Baz Luhrmann è straordinario nel raffigurare Elvis. Prende un attore molto somigliante come Austin Butler, certo. Ma, a modo suo, lo forgia, lo modella come se fosse creta, e lo dipinge con i colori di Elvis Presley. Quel nero dei capelli impomatati, il ciuffo lucido e ribelle, che vive quasi di vita propria. Gli abiti, che brillano alla luce dei riflettori, come la pelle del Re, fotografata in modo da illuminare la scena, come se Elvis fosse un sole. Il ralenti, per enfatizzare, qualora non fossero evidenti, i peccaminosi movimenti del bacino. In quell’ondeggiare della stoffa dei pantaloni a quelle oscillazioni pelviche che lo hanno reso famoso, in quelle vibrazioni che arrivano fino al pubblico in estasi sotto il palco c’è il tentativo di catturare in immagini il fremito del sesso, quel senso di rivoluzione dei costumi che stava avvenendo in America in quegli anni.
È come se Luhrmann avesse preso le immagini di Elvis, e dal bianco e nero dei programmi tv, con cui tutti lo vedevano, lo avesse dipinto dei colori più carichi possibili per raccontare la rivoluzione che stava vivendo l’America. È come se avesse preso la bidimensionalità della tv, che aveva portato Elvis al pubblico di tutto il mondo, e le avesse dato profondità e tridimensionalità. E così ha preso le immagini statiche dei giornali, quotidiani e riviste, che erano i “social media” dell’epoca, e le ha rese immagini in movimento, per far capire come Elvis entrasse nella cultura e nelle vite, nel costume e nella Storia dell’America di quegli anni. E di sempre. È come se avesse fatto di Elvis una statua vivente, un monumento in movimento. Intorno a lui ci sono tutti i colori di un’America che stava letteralmente esplodendo, nel bene e nel male, in un movimento di rivoluzione sessuale e sociale, ma anche nel senso delle tensioni politiche e razziali. Le polemiche sul suo look, sui suoi movimenti, sul suo portare a tutti la musica dei neri, gli attentati a Kennedy e Martin Luther King entrano nella storia di Elvis. Che, lo avrete capito, è la storia dell’America.

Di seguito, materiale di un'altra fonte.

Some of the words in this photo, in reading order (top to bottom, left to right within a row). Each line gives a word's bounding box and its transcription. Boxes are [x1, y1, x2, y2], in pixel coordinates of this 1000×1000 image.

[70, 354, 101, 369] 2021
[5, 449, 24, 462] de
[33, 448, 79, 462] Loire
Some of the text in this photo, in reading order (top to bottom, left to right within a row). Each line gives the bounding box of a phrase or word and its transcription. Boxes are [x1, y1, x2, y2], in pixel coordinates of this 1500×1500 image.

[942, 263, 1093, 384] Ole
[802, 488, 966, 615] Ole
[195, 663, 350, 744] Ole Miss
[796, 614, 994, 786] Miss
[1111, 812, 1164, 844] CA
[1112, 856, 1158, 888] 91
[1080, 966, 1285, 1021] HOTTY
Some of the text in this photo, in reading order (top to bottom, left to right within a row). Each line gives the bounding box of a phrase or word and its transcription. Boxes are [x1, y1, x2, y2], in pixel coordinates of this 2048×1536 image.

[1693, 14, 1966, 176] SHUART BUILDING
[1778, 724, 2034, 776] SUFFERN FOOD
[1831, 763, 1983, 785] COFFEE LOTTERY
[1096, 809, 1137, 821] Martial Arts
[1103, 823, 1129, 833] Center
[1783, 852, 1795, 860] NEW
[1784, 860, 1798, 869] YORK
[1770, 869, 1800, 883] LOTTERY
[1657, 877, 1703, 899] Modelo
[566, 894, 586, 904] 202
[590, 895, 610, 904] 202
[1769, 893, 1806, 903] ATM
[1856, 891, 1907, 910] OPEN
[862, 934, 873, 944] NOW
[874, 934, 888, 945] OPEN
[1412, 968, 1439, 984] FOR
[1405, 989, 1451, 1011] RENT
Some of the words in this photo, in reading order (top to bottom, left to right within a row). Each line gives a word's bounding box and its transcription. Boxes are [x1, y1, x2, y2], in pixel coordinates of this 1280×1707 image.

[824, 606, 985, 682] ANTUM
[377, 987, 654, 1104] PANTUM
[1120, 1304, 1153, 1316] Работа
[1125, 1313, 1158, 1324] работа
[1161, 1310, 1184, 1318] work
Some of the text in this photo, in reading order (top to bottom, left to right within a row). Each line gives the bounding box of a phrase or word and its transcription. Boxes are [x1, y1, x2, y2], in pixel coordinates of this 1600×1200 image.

Ma Elvis è un’allegoria di un conflitto che esiste da quando esiste l’arte. È quello tra il talento e la voglia di ingabbiarlo, tra l’ispirazione sfrenata e la volontà di incanalarla in qualcosa di rassicurante e conformista, tra la diversità, l’unicità e il bisogno di conformarle a qualcosa di già esistente. È il conflitto tra l’arte e il mercato, tra chi crea opere d’arte e chi tenta continuamente di tradurle a tutti i costi in guadagno, senza alcun ritegno per il fattore umano. A un certo punto della sua carriera Elvis poteva davvero avere il mondo – letteralmente, perché i suoi concerti erano richiesti ovunque, dall’Europa al Giappone – e rimase invece in America, rimase soprattutto a Las Vegas. È stata la sua gabbia dorata dove, con sotterfugi di ogni tipo, lo ha rinchiuso il colonnello Parker.
Elvis, il nuovo film di Baz Luhrmann, è tutto questo e, ovviamente, di più. Perché tutto, in Baz Luhrmann, diventa un melodramma e allo stesso tempo un musical sfrenato e sfarzoso, è ogni volta Broadway e La Scala. Nel cinema di Baz Luhrmann i lustrini e i fuochi d’artificio nascondono sempre le lacrime. Tutto, nel suo cinema, avviene in un enorme palcoscenico teatrale, ricco e ridondante. Come la Parigi di Moulin Rouge! e la New York di The Get Down qui il teatro è una Las Vegas scintillante e subdola, dove le luci e le insegne al neon nascondono inganni, dolore e solitudine. Uscirete dal film combattuti, pieni di gioia e di dolore. Ma con la convinzione che, come Elvis, non c’è stato nessuno.